Probably a handful of things. While there, we met with, Dr. Nsaba Butero, the Minister for Information & Broadcasting, in the Office of the President. He had a PhD in Social Sciences. I just loved this man! What he said touched me deeply: “We don’t need charity. We’re not looking for handouts. What we need are partners to solve problems.” This conversation happened early in the trip. Uganda has amazing bio-rich resources and wonderful people. They need partnerships to develop what they have. They not only want to solve problems for their people, but to participate in the global economy.

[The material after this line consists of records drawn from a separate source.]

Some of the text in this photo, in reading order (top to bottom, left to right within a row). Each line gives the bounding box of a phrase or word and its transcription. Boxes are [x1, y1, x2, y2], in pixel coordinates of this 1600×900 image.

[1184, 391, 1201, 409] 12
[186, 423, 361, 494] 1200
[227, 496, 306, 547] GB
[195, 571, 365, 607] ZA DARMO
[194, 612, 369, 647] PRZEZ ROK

In addition to that experience, we were with the kids, the orphans, teaching them about the nutrients. I had brought 1200 Blue Morpho butterflies, small replicas, to delight the children. The butterflies were easy to include in my luggage. The kids just lit up when they got a butterfly! It was very joyful. And then, when I would begin to leave, the kids would always hug us and say, “I love you”. They would also say, “When you go home, please tell everyone I love them.” They made an extraordinary connection to people everywhere.

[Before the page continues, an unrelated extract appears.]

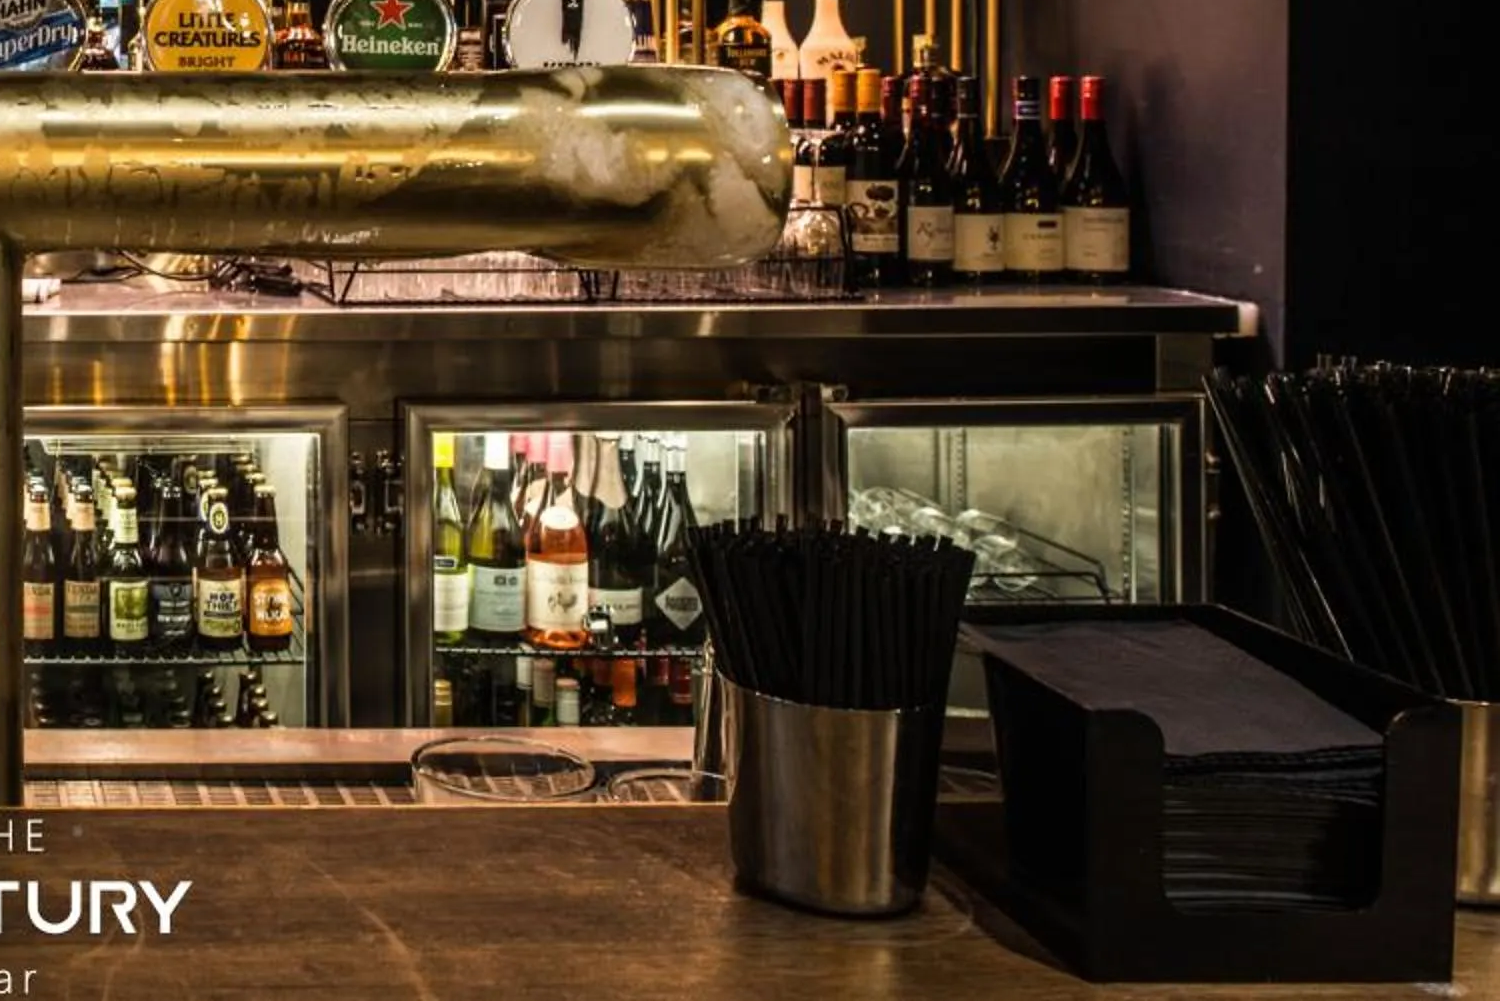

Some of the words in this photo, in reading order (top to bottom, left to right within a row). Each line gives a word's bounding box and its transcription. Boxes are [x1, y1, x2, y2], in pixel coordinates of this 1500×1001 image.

[154, 30, 261, 48] CREATURES
[341, 34, 439, 56] Heineken
[178, 56, 236, 68] BRIGHT
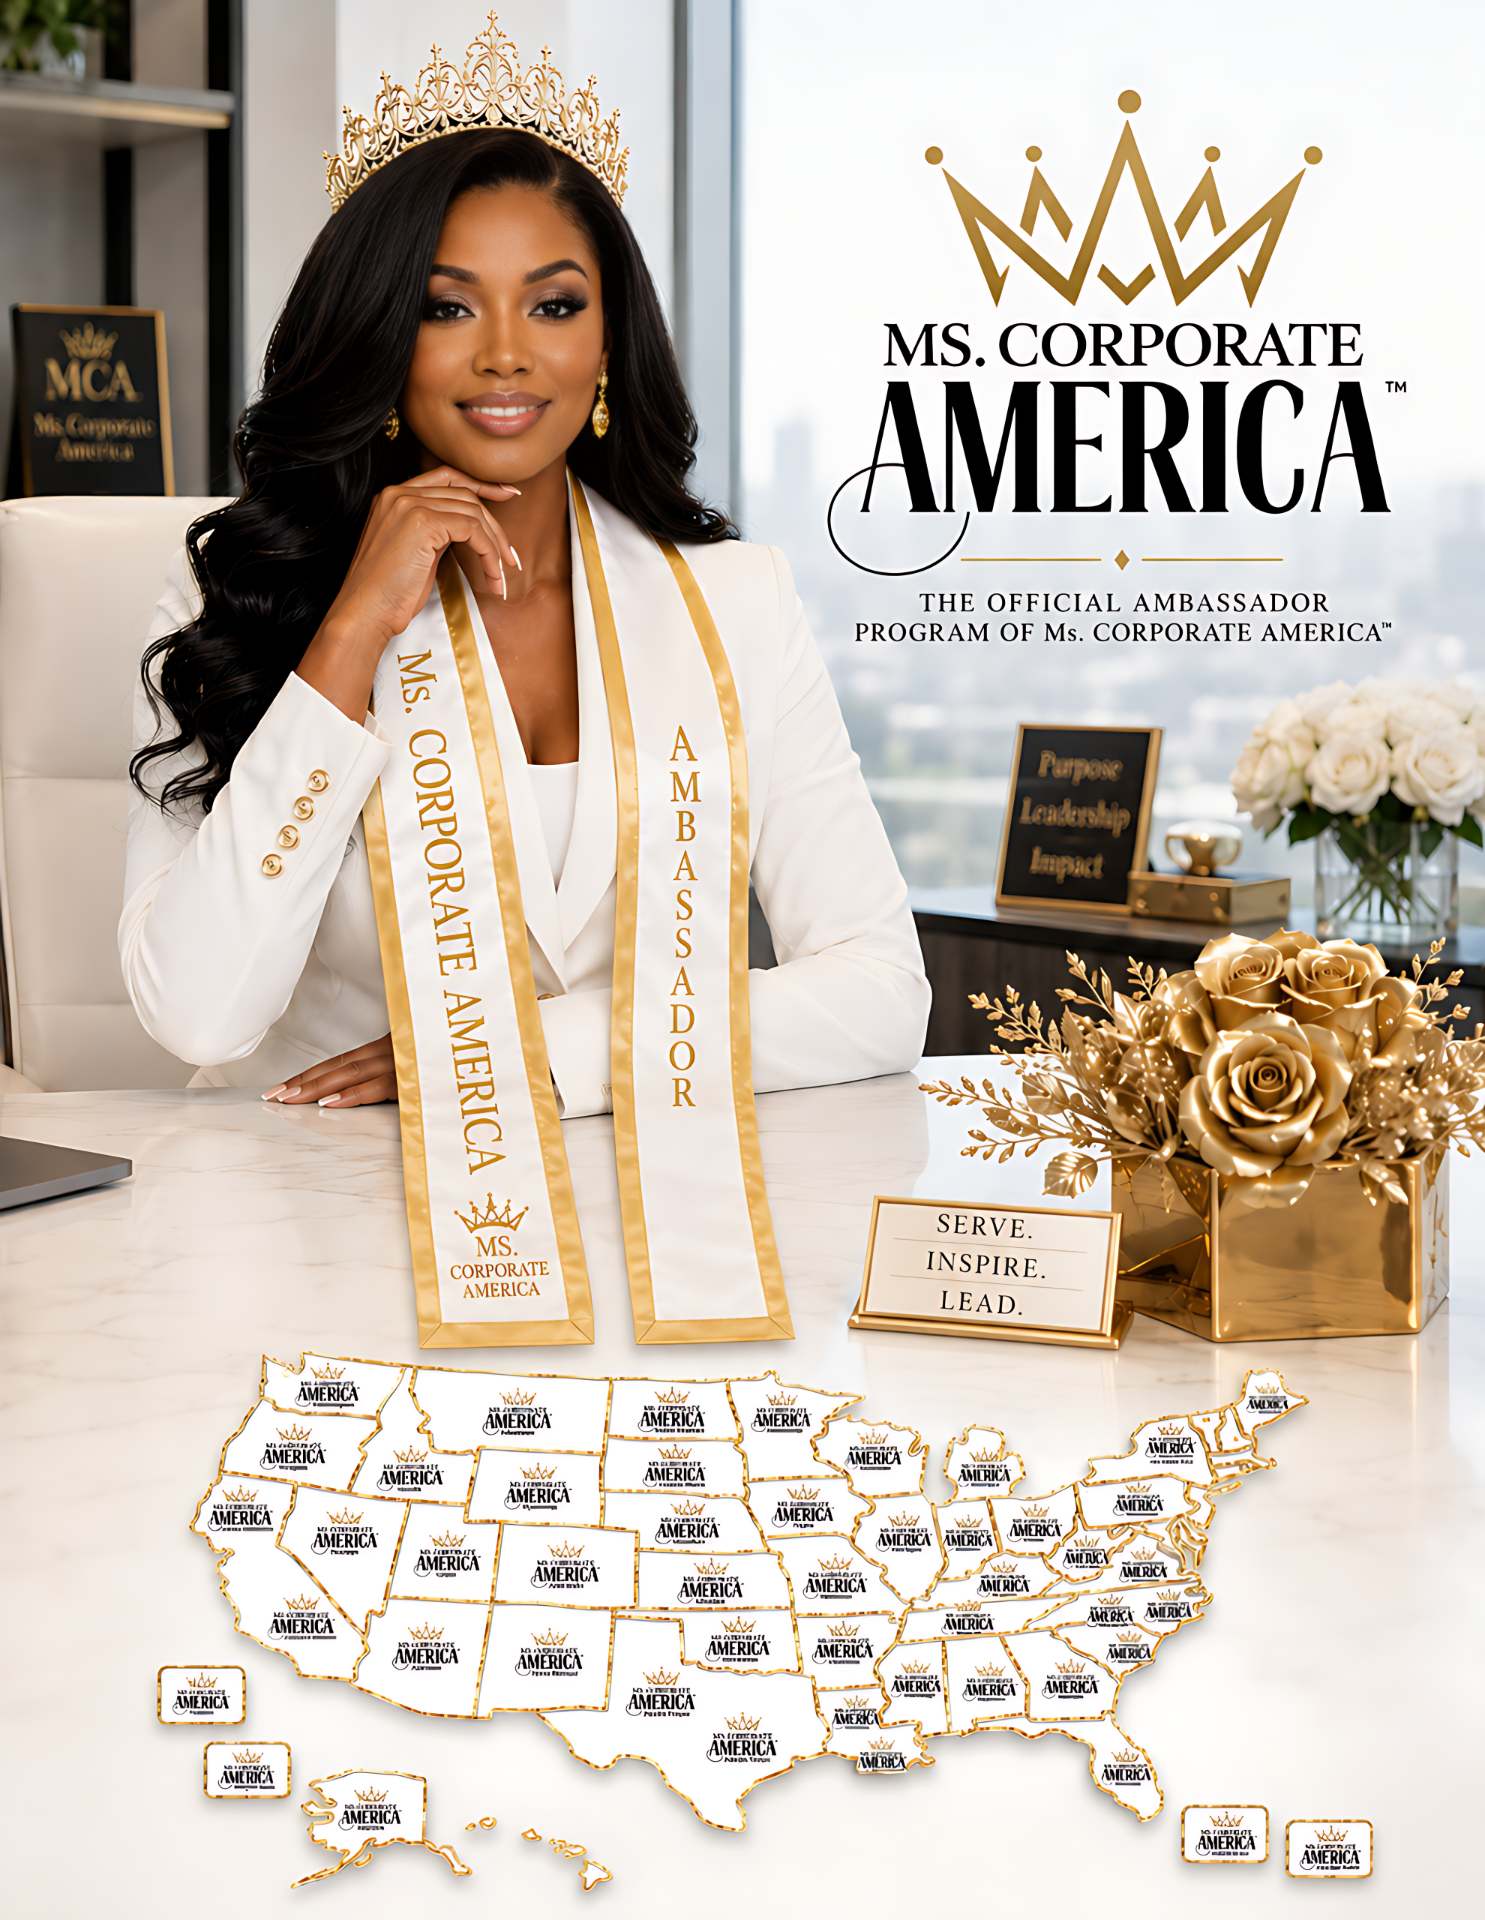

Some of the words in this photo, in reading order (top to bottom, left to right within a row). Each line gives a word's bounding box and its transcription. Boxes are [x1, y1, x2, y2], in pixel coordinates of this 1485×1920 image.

And, of course, I met Eveline, a young orphan girl who was very bright and engaging. I asked about continuing school for her and could she go to the university. I found out from Bob, the orphanage director, that it cost $6000, total, to attend the university. I said to him, “That’s doable!” From that point I knew the funds would be there for her to go to college if she chose. And while in Uganda, it was my 62nd birthday. I met Bette, also an orphan since six. She had been trained to be a masseuse and as a gift I was given a massage from Bette. From learning her story and knowing about all the other girls, by then I just knew that I’d send 10 Ugandan girls to college. It was done and complete in my heart. It was another big “Yes!”

3. What’s the most daunting hurdle you’ve had to conquer to get The Butterfly Project going or keep it going?

At some point, transformational vision has to move back into the realm of reasonable. It was about four of five weeks after I returned before I had the name, The Butterfly Project. In that transformational arena, connections and solutions come magically, but I had to go back and forth between practical actions and transformational connections. The story made the connections. The biggest hurdle was turning my vision into a non-profit organization, in addition to running my regular business! It is an arduous process. Three main things are needed to establish a non-profit that involves another country: it has to be a legal non profit; there have to be people on the ground in Uganda to make it happen; and there has to be a fundraising division. I partnered with Global Partners for Development to establish the non profit status and I’ve been learning what it takes to bring The Butterfly Project into a mature, sustainable program that works.

4. What keeps your commitment going?

The fact that the decision came from my heart, from that sense of spirit within me. It actually feels sacred, like a covenant. With that it takes the will to get it going and the passion for it and then the results. There are policies to develop, strategic plans to be made and funds to be raised. Whenever I do a presentation, the magic of the story re-ignites my commitment. More stories will develop as the girls attend the universities and have opportunities in their lives that will benefit their villages and the world. This keeps the juice and joy going; people’s lives being changed and saying “yes”.

5. Do you have a specific joyous result or incident that has come from The Butterfly Project?

My vision and prayer for what would happen in my 60’s is happening. My life opened and I have new amazing people in my life. On a personal level, this is a very powerful result. And my heart leaps for joy for Evaline! For her progress in school and knowing she will be able to go to university if she chooses. I’ve seen friends’ lives open from the story and this has allowed them to say yes to transformational possibilities in their own lives. These opening often arrive unplanned and they usually are not reasonable. But then to see it in action is joyful, to see the results ripple out to many.